We believe this regimen will be equivalent to historical data with 5-FU and
cisplatin but with less toxicity, but it’s still early.
Tracks 6-7
DR LOVE: What questions do you receive from doctors in practice
regarding the treatment of anal cancer?
DR ENG: The most common one is, “Do I really need to use mitomycin-C?”

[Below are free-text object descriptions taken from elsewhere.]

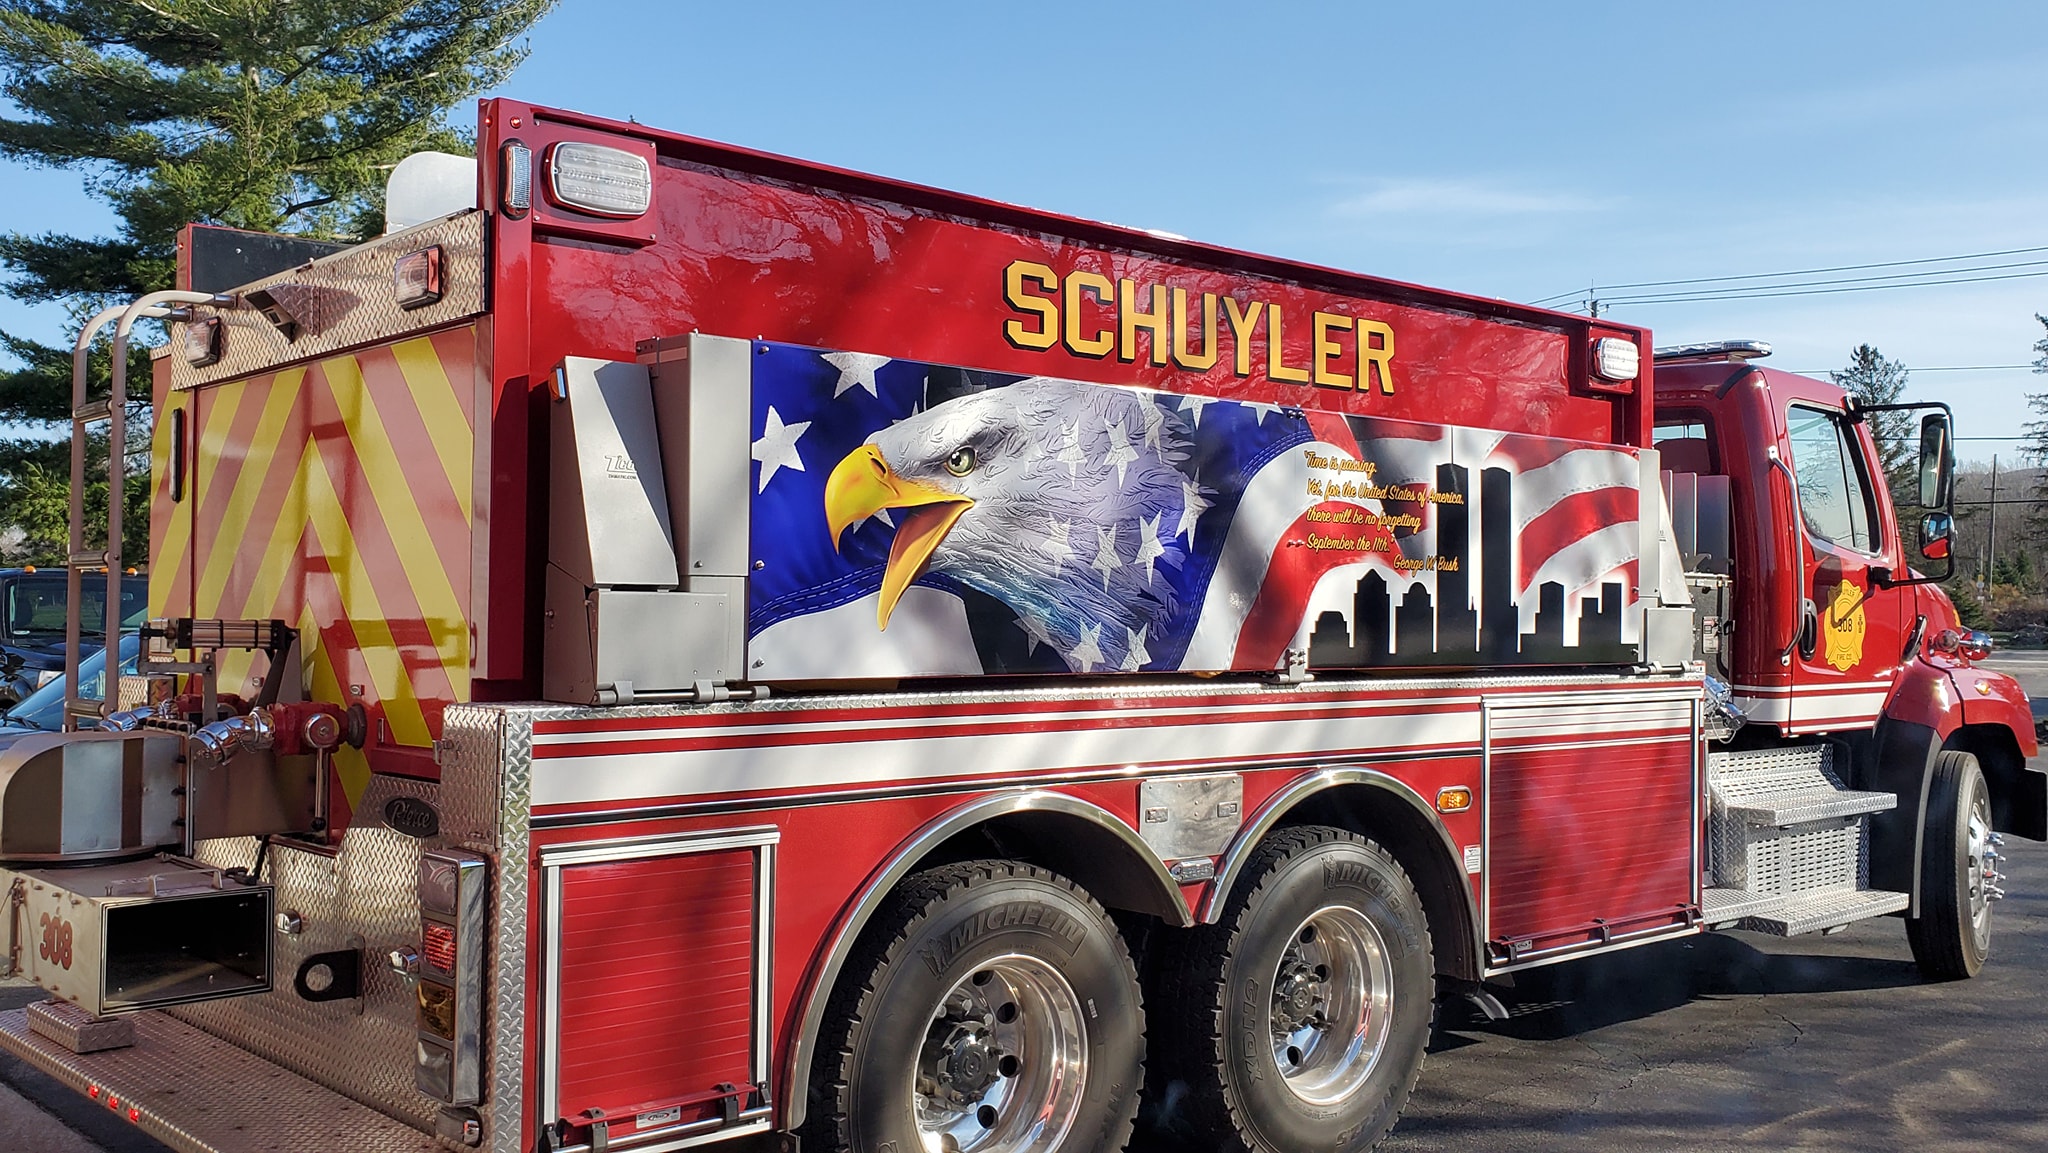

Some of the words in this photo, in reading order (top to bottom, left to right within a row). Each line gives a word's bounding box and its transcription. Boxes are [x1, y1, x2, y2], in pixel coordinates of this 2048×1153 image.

[1003, 260, 1396, 397] SCHUYLER
[1329, 456, 1338, 470] is
[1324, 480, 1341, 502] for
[1342, 480, 1357, 497] the
[1358, 482, 1388, 500] United
[1388, 485, 1416, 501] States
[1416, 488, 1427, 508] of
[1307, 506, 1331, 522] there
[1333, 508, 1352, 524] will
[1353, 509, 1364, 524] be
[1365, 514, 1376, 525] no
[1376, 511, 1421, 534] forgetting
[1306, 533, 1355, 554] September
[1356, 535, 1371, 551] the
[1393, 554, 1424, 577] George
[1437, 555, 1459, 572] Bush
[1837, 618, 1853, 633] 308
[391, 800, 431, 829] Pierce
[40, 911, 73, 971] 308
[951, 903, 1086, 954] MICHELIN
[1243, 977, 1264, 1086] XDN2
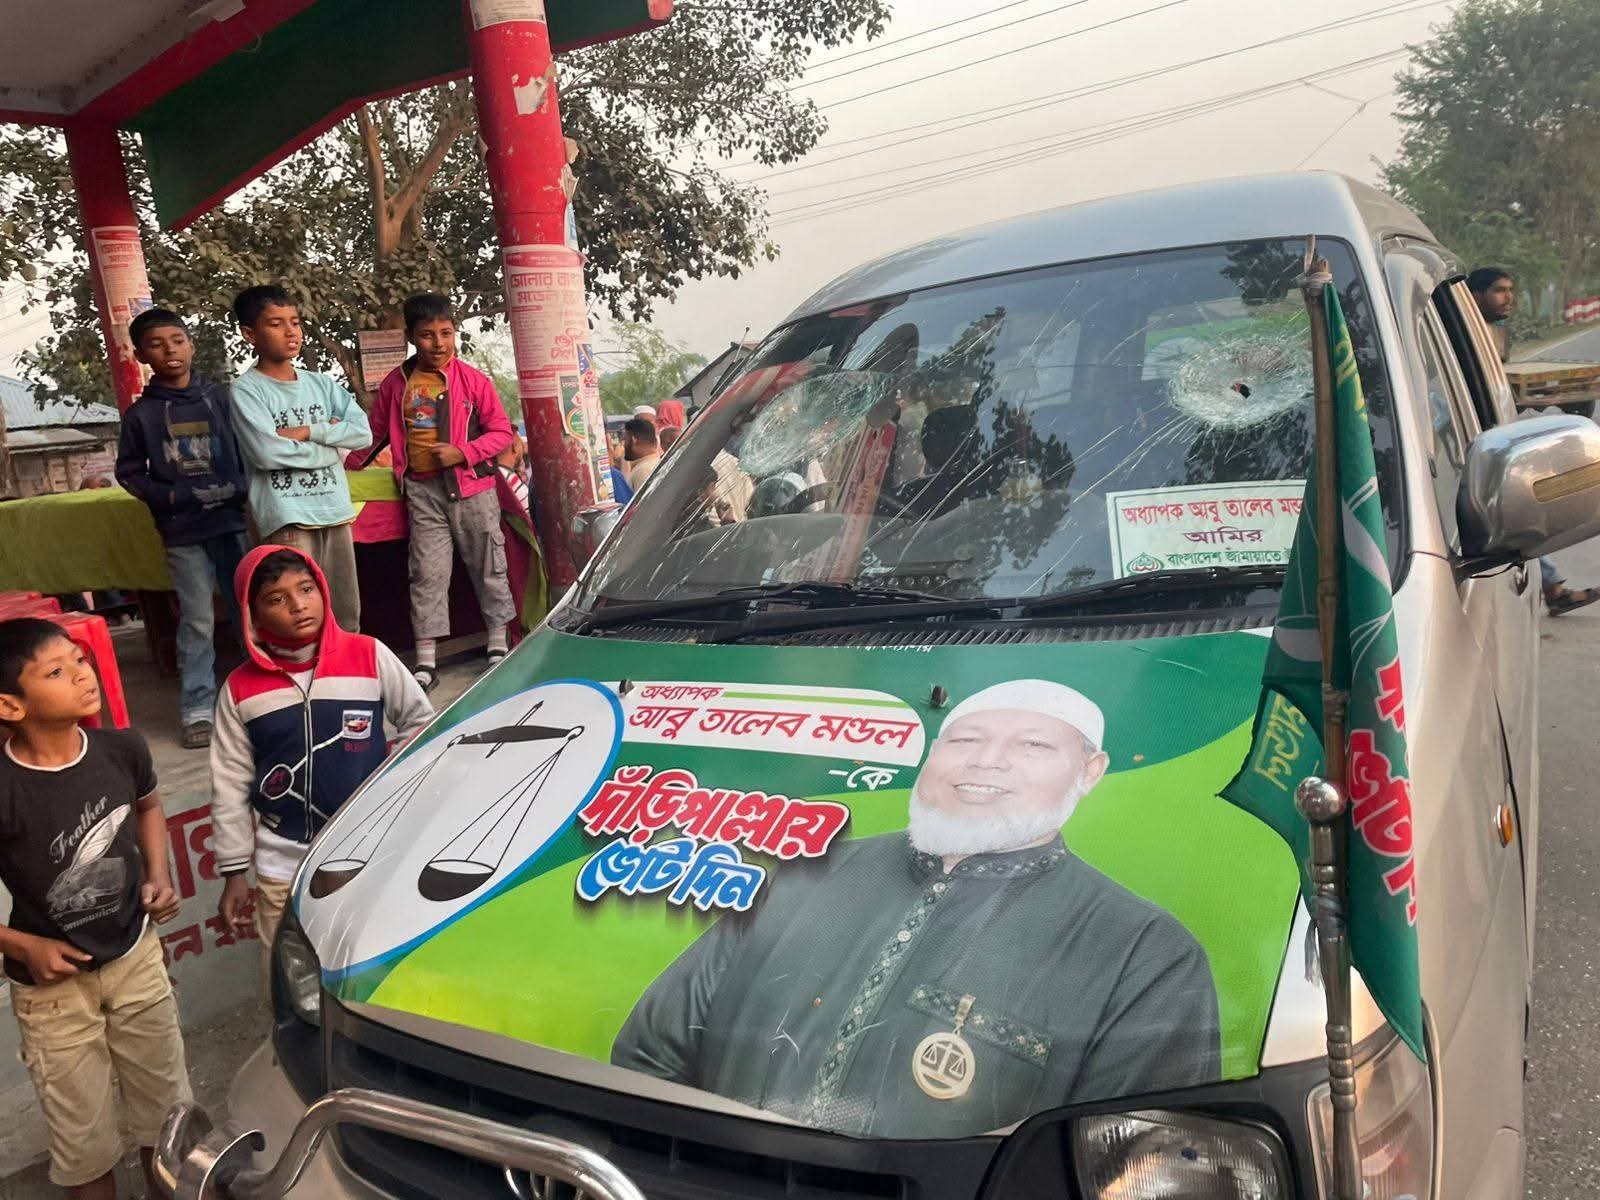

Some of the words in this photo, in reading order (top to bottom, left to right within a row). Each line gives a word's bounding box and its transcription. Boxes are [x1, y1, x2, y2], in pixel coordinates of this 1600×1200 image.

[1122, 502, 1184, 526] অধ্যাপক
[1188, 499, 1223, 524] আবু
[1223, 497, 1275, 518] তালেব
[1183, 525, 1264, 545] আমির
[1166, 551, 1222, 567] বাংলাদেশ
[640, 686, 724, 702] অধ্যাপক
[629, 705, 700, 740] আবু
[699, 708, 811, 738] তালেব
[50, 796, 107, 863] Feather
[575, 838, 697, 902] ভোট
[667, 842, 767, 911] দিন

The majority of physicians prefer using cisplatin to mitomycin-C, but due to
the conclusions drawn from the RTOG-98-11 study, they now feel compelled
to use mitomycin-C (Ajani 2006). Many of us don’t like using mitomycin-C
because of its toxicities.
I discuss with them that the design of 9811 makes it difficult to conclude that
mitomycin-C is the best option, and many of them then use cisplatin. A lot of
them have already been using cisplatin but didn’t know whether they needed
to change that practice.
DR LOVE: What about the use of oxaliplatin in the clinical setting for anal
cancer?
DR ENG: I don’t recommend it because it needs to be evaluated as part of
a clinical trial. Physicians do cite my abstract and ask if they can use oxaliplatin
(Eng 2005). I remind them that toxicities occur that haven’t been fully
studied, especially because diarrhea and radiation dermatitis are commonly
observed in the treatment of anal cancer. Oxaliplatin is being investigated, but
I don’t believe physicians should assume that it will replace cisplatin.